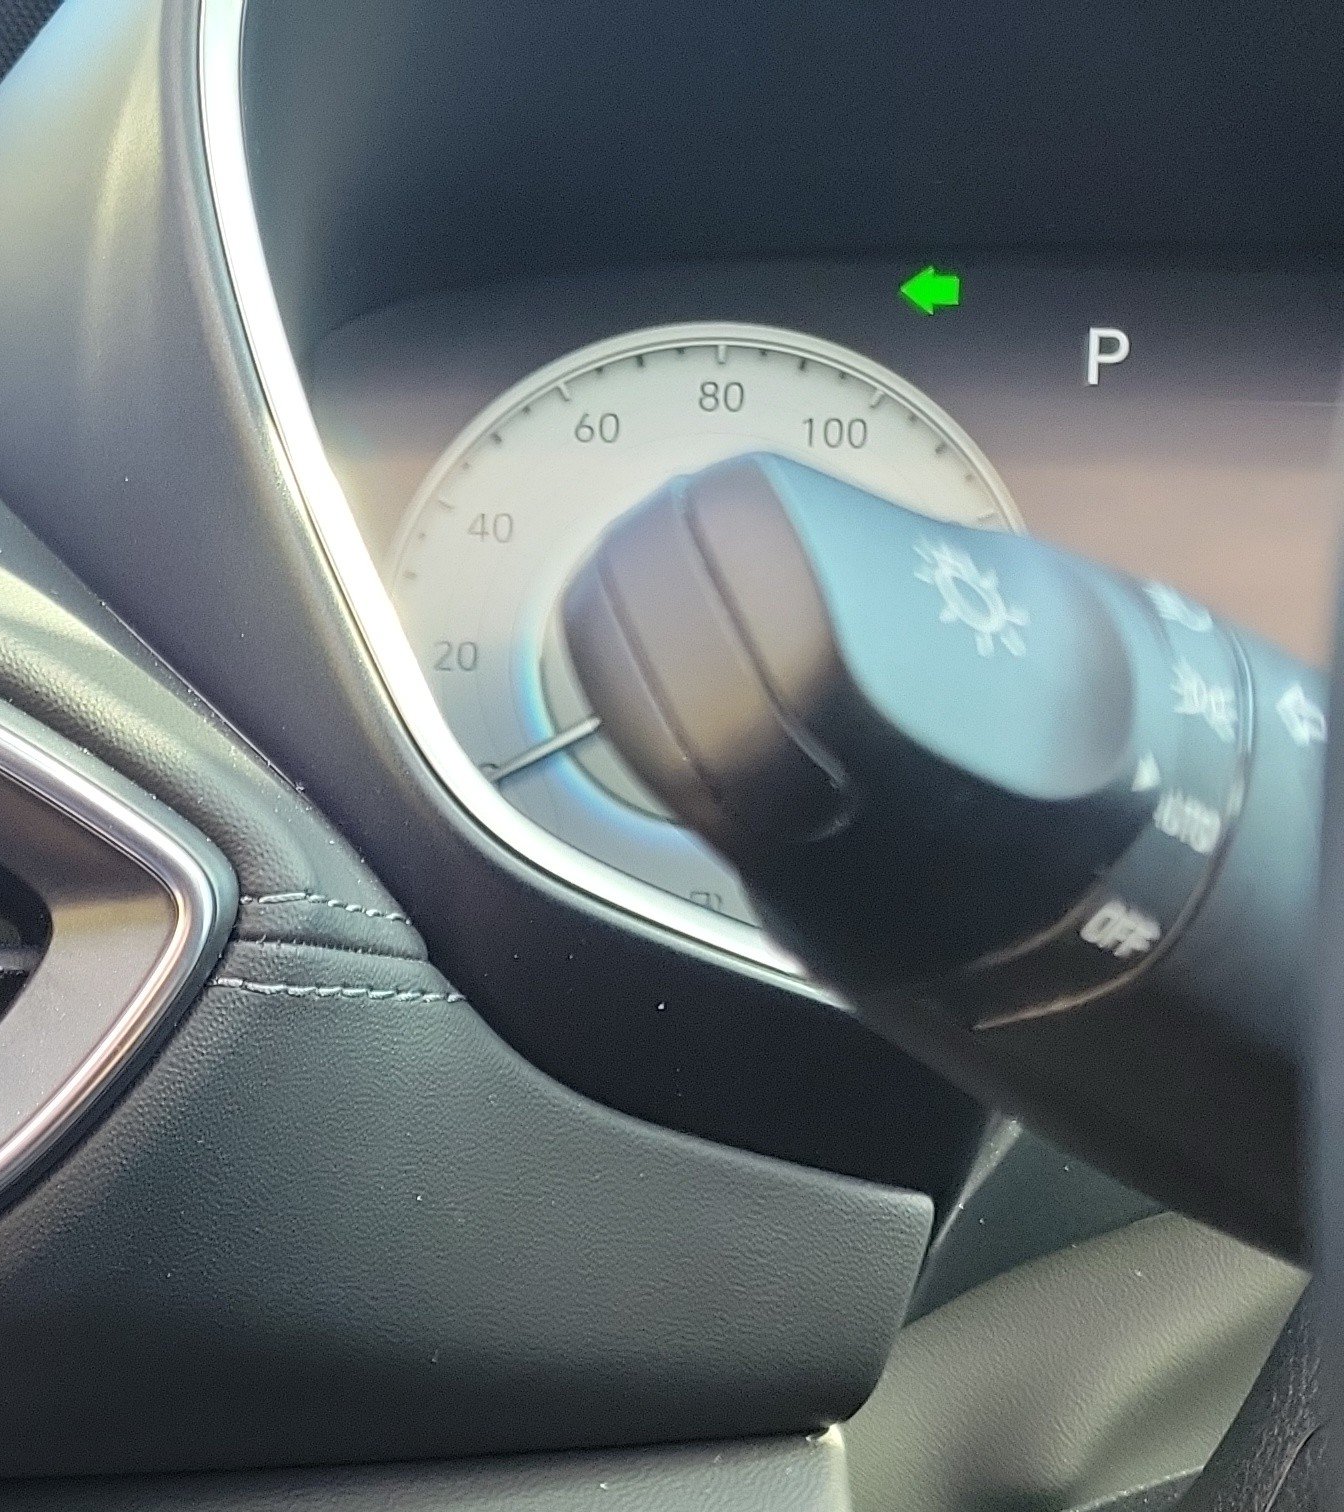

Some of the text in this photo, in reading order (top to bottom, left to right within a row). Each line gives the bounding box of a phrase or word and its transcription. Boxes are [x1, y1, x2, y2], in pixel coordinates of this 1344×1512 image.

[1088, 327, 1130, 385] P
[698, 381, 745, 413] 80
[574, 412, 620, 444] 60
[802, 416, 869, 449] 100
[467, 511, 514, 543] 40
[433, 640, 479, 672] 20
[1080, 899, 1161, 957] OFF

(TASK): In the copy, leave out the pictures and restate the records exactly.

(ANSWER TO THE PROBLEM):
Some of the text in this photo, in reading order (top to bottom, left to right within a row). Each line gives the bounding box of a phrase or word and its transcription. Boxes are [x1, y1, x2, y2], in pixel coordinates of this 1344×1512 image.

[1088, 327, 1130, 385] P
[698, 381, 745, 413] 80
[574, 412, 620, 444] 60
[802, 416, 869, 449] 100
[467, 511, 514, 543] 40
[433, 640, 479, 672] 20
[1080, 899, 1161, 957] OFF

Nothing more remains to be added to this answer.